Martabat Pohon Zaitun Palestina dan Ahed Tamimi

Wasan Abu Baker, istrinya Asim dan anak-anaknya di Amerika Serikat. (Foto: King River Life Magazine)

 

Wasan Abu Baker adalah seorang aktivis Amerika Serikat (AS) berdarah Palestina. Dia adalah Wakil Ketua organisasi “Keadilan Nasional Corpus Christi untuk Tetangga Kita” di Corpus Christi, kota pesisir di Texas. Ia juga seorang penulis staf untuk Kings River Life Magazine di AS.
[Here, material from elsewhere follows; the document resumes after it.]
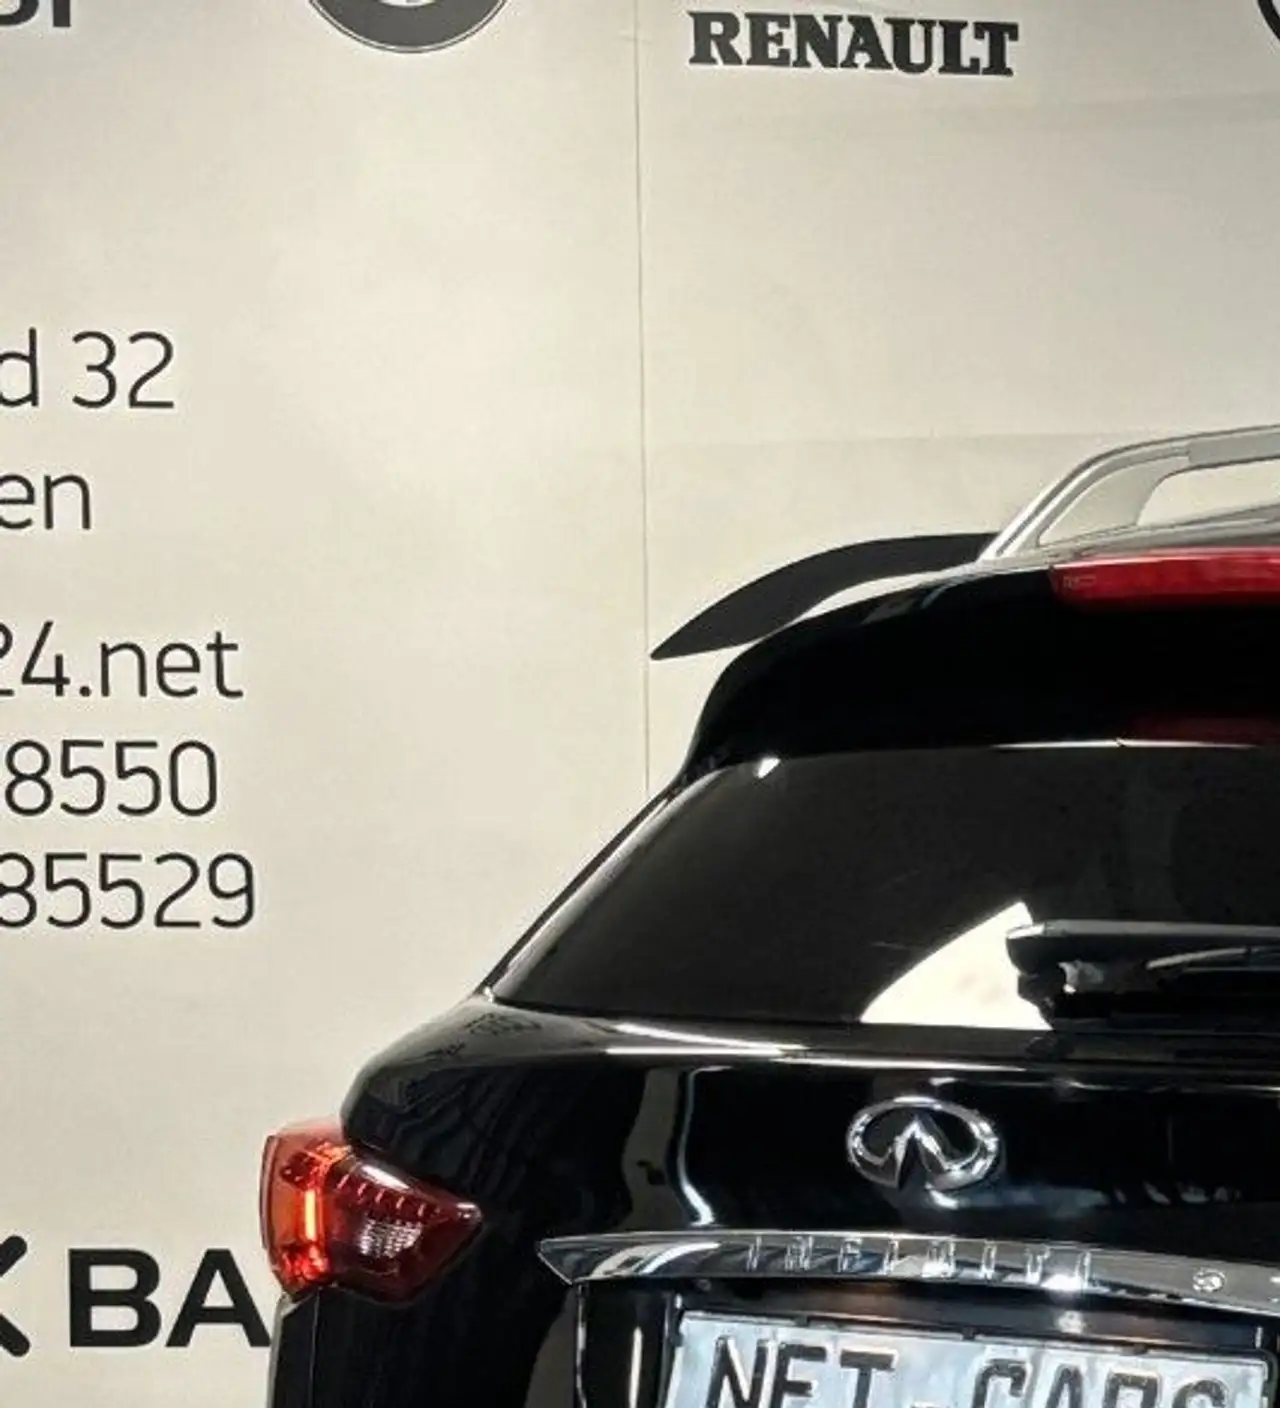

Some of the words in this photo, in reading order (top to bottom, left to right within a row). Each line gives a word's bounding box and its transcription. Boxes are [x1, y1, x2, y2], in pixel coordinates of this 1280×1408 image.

[688, 11, 1019, 77] RENAULT
[72, 331, 175, 409] 32
[5, 739, 217, 817] 8550
Ia mengisahkan tentang kehidupan keluarganya ketika tinggal di Palestina:

Setelah pembebasan ayah saya dari penjara Israel pada tahun 1988, keluarga, teman, dan tetangga kami mengadakan perayaan besar untuk menyambutnya pulang. Dia menghabiskan beberapa bulan sebagai tahanan politik di penjara Negev yang keras.

Saya sangat senang mendapatinya di rumah. Awalnya, kami tidak bisa mengenali ayah kami dengan jenggot lebat. Adik perempuan dan laki-laki saya takut pada pria aneh yang memeluk ibu kami.

Setelah itu, hidup berjalan normal seperti biasanya, normal bagi sebuah keluarga Palestina yang menolak pekerjaan. Hidup normal kami adalah hidup yang selalu terganggu oleh penutupan jalan, demonstrasi, dan penargetan aktivis politik. Beberapa di antaranya adalah teman sekelas, tetangga, saudara, dan teman-teman saya. Ada segala jenis pembatasan dalam kehidupan orang-orang Palestina.

Melalui semua ini, orang tua saya bertekad memberi anak-anaknya kehidupan yang layak. Mereka berjuang untuk menyelesaikan pembangunan rumah keluarga kami, yang dalam budaya saya adalah cara terbaik untuk menjamin masa depan keluarga Anda.

Ada perasaan bahwa semua yang Anda butuhkan adalah hanya tanah dan rumah Anda, dan Anda bisa bertahan dalam kondisi apapun. Oleh karena itu, penyitaan tanah dan penghancuran rumah di Palestina oleh Pendudukan Israel adalah salah satu cara terberat yang mereka lakukan untuk menghancurkan kehendak rakyat. Tapi orang-orang terus berjuang untuk menjaganya, menanam mereka, membesarkan keluarga mereka, dan membangun rumah mereka.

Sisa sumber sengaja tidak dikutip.